Free-text object descriptions:
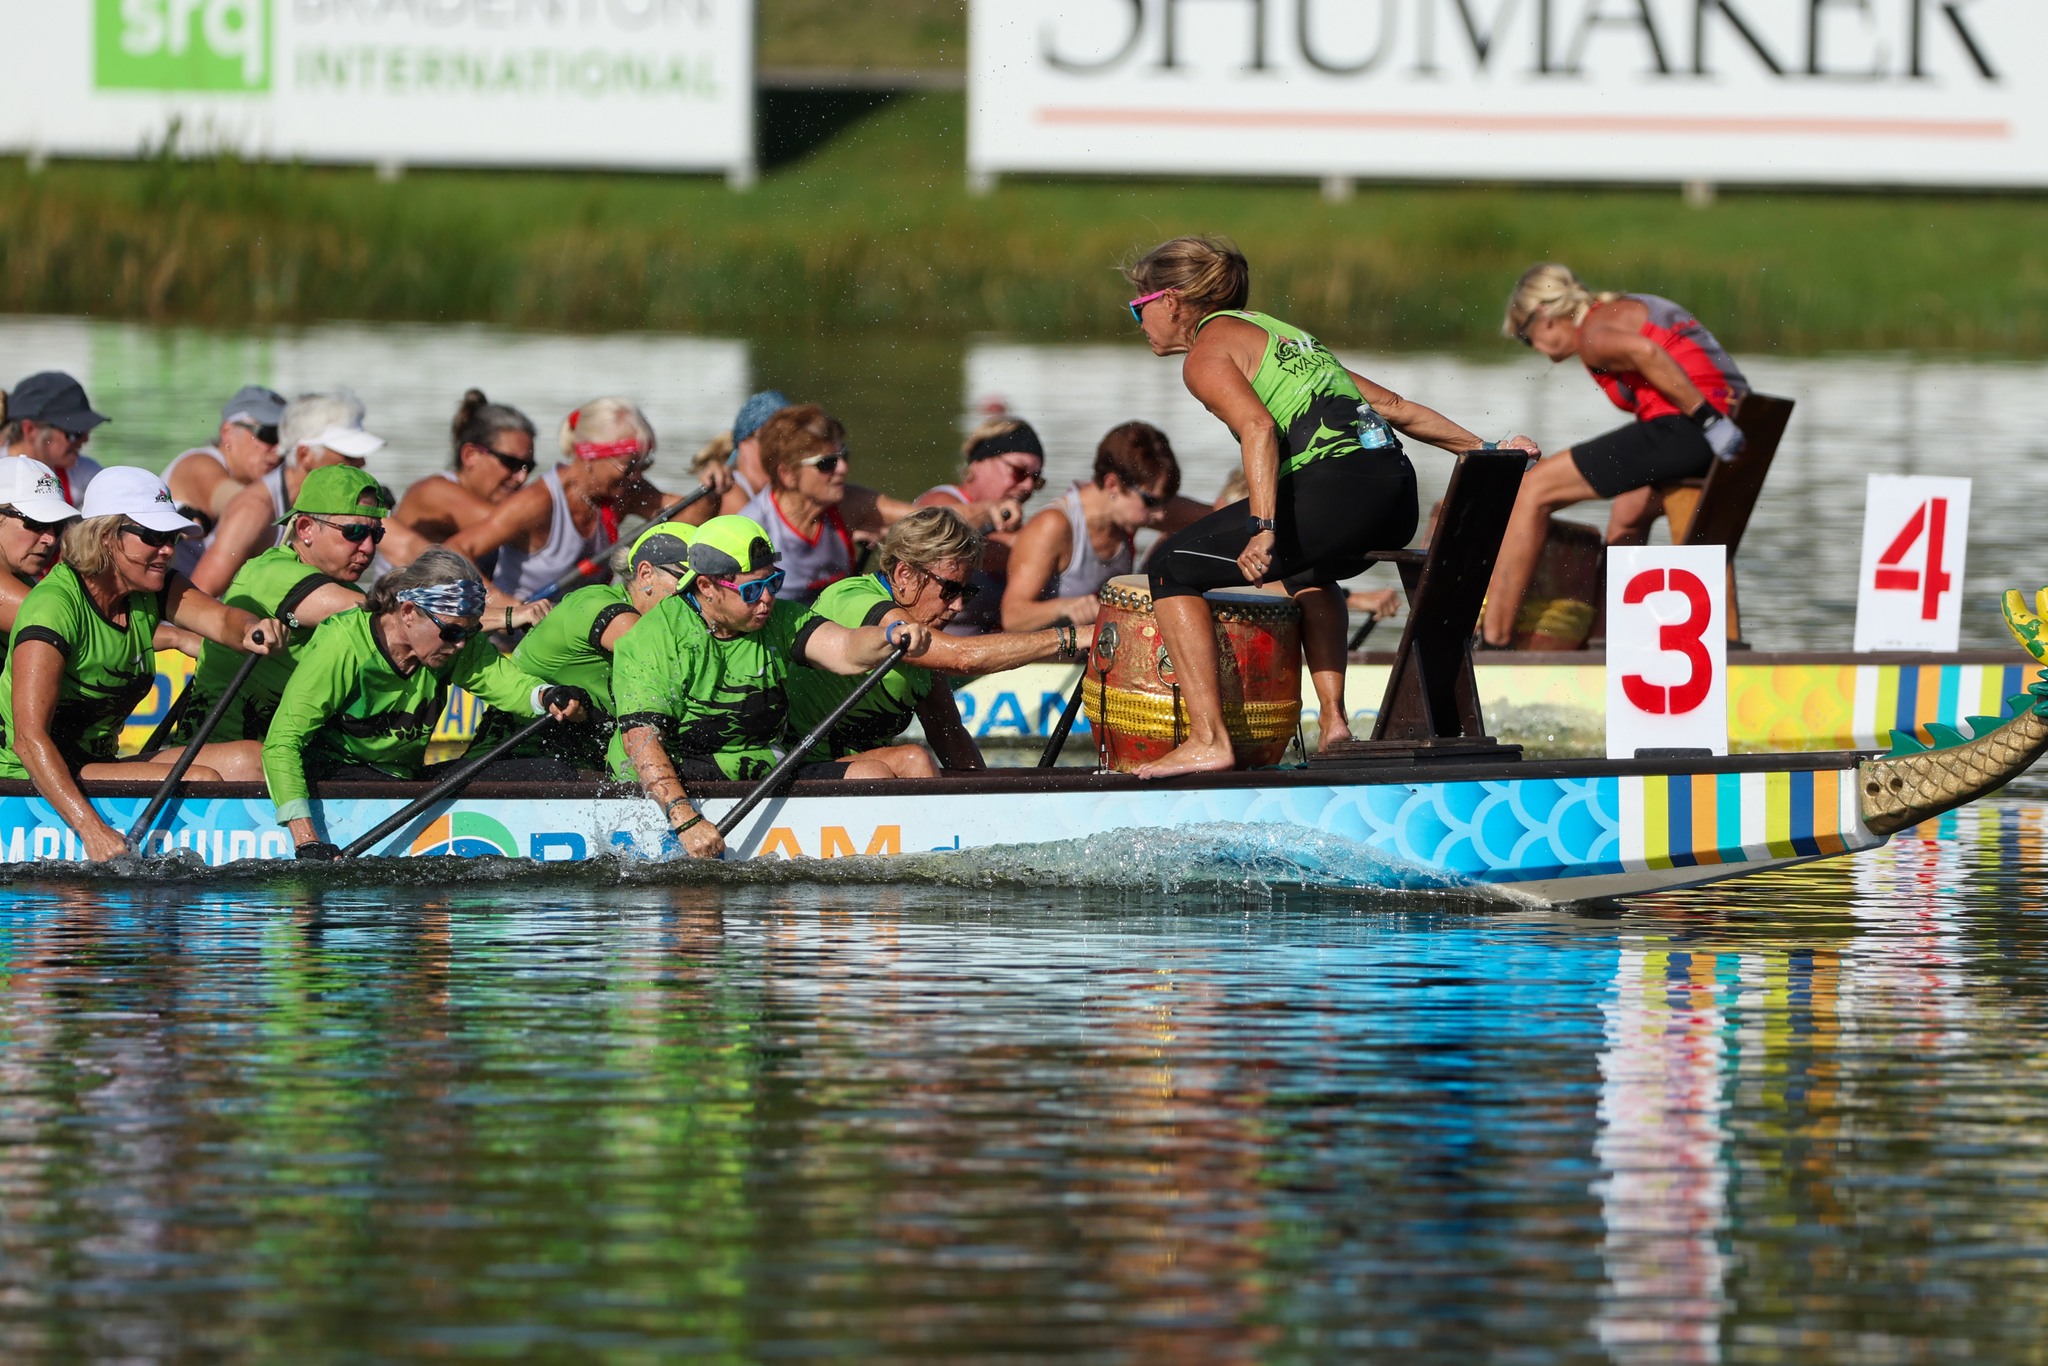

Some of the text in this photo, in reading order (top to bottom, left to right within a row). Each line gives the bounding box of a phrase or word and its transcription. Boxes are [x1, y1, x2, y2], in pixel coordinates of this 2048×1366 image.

[121, 0, 264, 87] srq
[293, 45, 723, 97] INTERNATIONAL
[1038, 0, 2001, 82] SHUMAKER
[1874, 497, 1951, 620] 4
[1621, 567, 1713, 715] 3
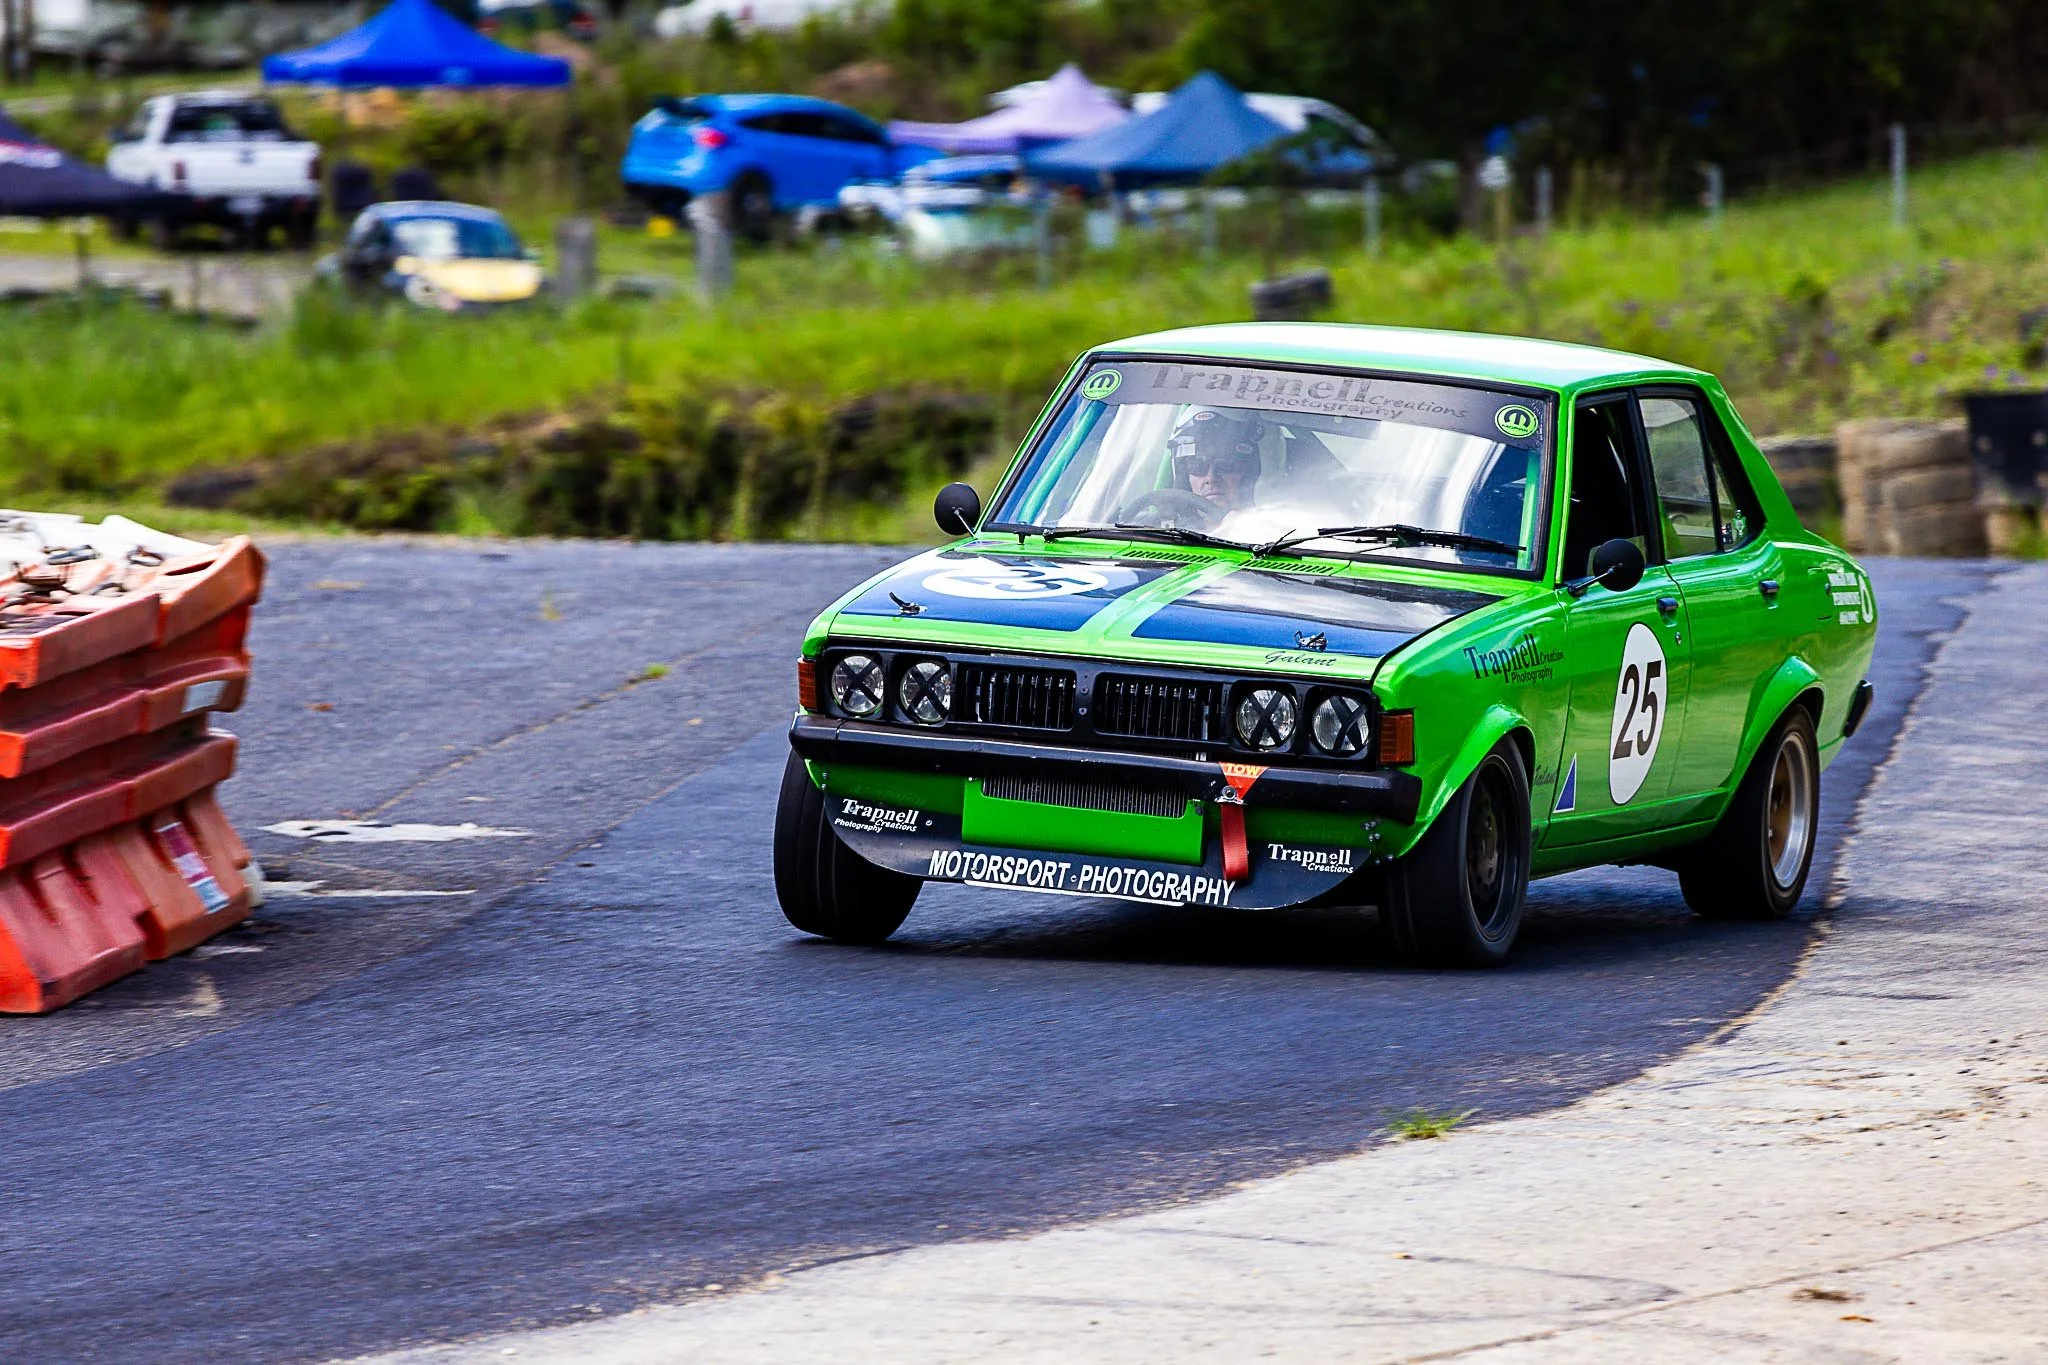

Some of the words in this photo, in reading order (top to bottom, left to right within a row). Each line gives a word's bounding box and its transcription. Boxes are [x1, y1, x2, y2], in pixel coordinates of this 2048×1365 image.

[1149, 364, 1372, 403] Trapnell
[1369, 394, 1467, 418] Creations
[1256, 394, 1403, 418] Photography
[1265, 650, 1337, 667] Galant
[1463, 633, 1541, 683] Trapnell
[1511, 667, 1553, 684] Photography
[1612, 659, 1662, 760] 25
[1225, 763, 1261, 777] TOW
[842, 798, 919, 825] Trapnell
[834, 817, 882, 834] Photography
[875, 818, 918, 832] Creations
[1267, 843, 1351, 867] Trapnell
[928, 850, 1071, 889] MOTORSPORT
[1077, 864, 1236, 907] PHOTOGRAPHY
[1307, 862, 1354, 874] Creations
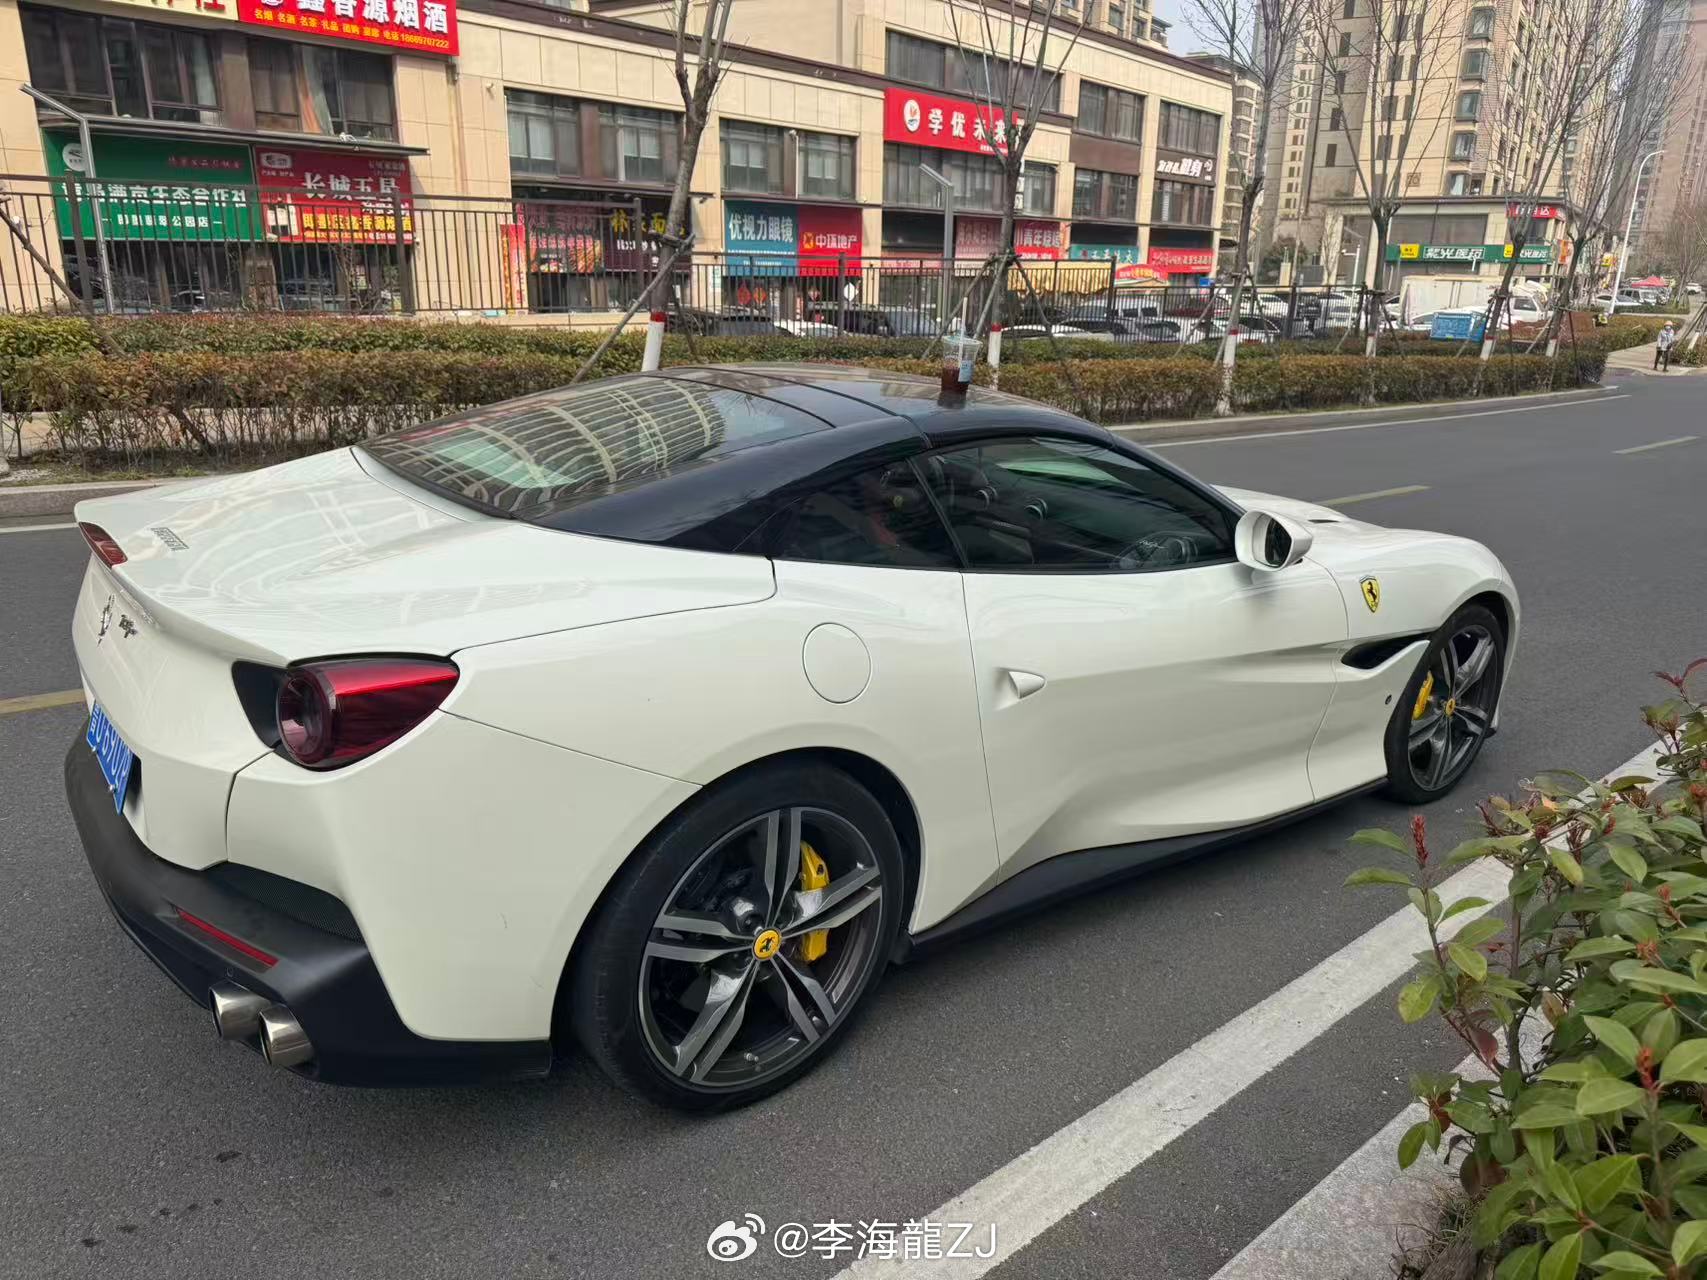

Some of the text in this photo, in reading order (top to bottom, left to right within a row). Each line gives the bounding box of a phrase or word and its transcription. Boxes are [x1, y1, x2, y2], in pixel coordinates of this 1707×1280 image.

[383, 30, 400, 41] 电话
[728, 211, 794, 244] 优视力眼镜
[814, 233, 858, 250] 中环地产
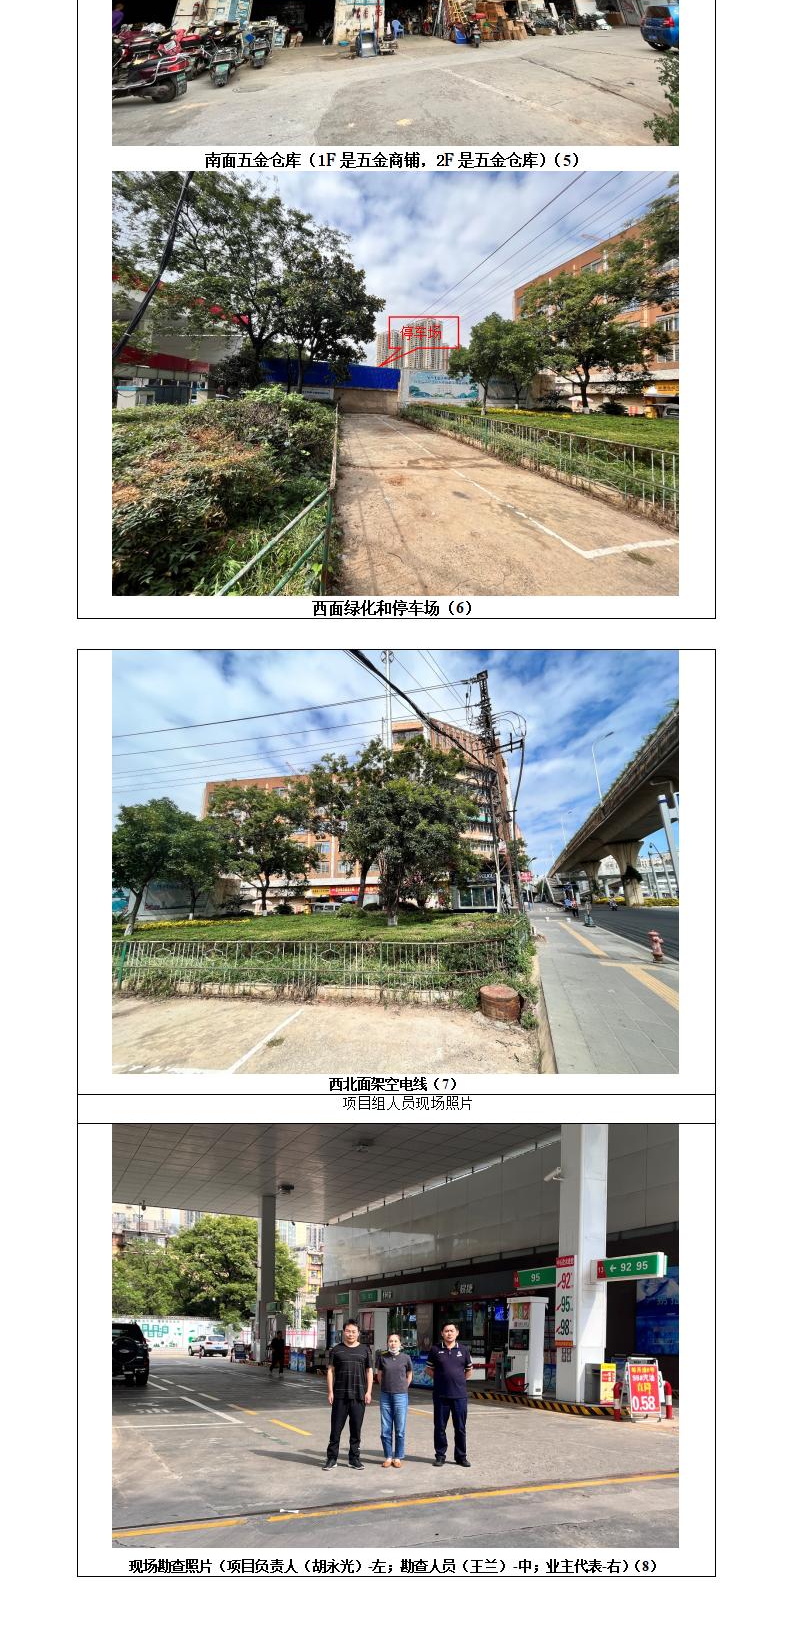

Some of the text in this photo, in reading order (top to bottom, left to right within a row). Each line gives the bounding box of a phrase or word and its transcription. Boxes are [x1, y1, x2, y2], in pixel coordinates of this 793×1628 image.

Exercise requirements: Leave out every picture and transcribe the remaining entries exactly.

Answer space:
Some of the text in this photo, in reading order (top to bottom, left to right within a row). Each line gives the bounding box of a phrase or word and its transcription. Boxes are [x1, y1, x2, y2], in pixel coordinates of this 2048×1366 image.

[121, 0, 264, 87] srq
[293, 45, 723, 97] INTERNATIONAL
[1038, 0, 2001, 82] SHUMAKER
[1874, 497, 1951, 620] 4
[1621, 567, 1713, 715] 3

Some of the words in this photo, in reading order (top to bottom, left to right within a row). Each line gives a word's bounding box and its transcription. Boxes are [x1, y1, x2, y2], in pixel coordinates of this 2048×1365 image.

[1149, 364, 1372, 403] Trapnell
[1369, 394, 1467, 418] Creations
[1256, 394, 1403, 418] Photography
[1265, 650, 1337, 667] Galant
[1463, 633, 1541, 683] Trapnell
[1511, 667, 1553, 684] Photography
[1612, 659, 1662, 760] 25
[1225, 763, 1261, 777] TOW
[842, 798, 919, 825] Trapnell
[834, 817, 882, 834] Photography
[875, 818, 918, 832] Creations
[1267, 843, 1351, 867] Trapnell
[928, 850, 1071, 889] MOTORSPORT
[1077, 864, 1236, 907] PHOTOGRAPHY
[1307, 862, 1354, 874] Creations

Some of the text in this photo, in reading order (top to bottom, left to right within a row). Each line gives the bounding box of a phrase or word and its transcription. Boxes are [x1, y1, x2, y2], in pixel coordinates of this 1707×1280 image.

[383, 30, 400, 41] 电话
[728, 211, 794, 244] 优视力眼镜
[814, 233, 858, 250] 中环地产

Some of the text in this photo, in reading order (top to bottom, left to right within a row). Each line gives the bounding box of a phrase or word and its transcription. Boxes are [x1, y1, x2, y2], in pixel coordinates of this 793×1628 image.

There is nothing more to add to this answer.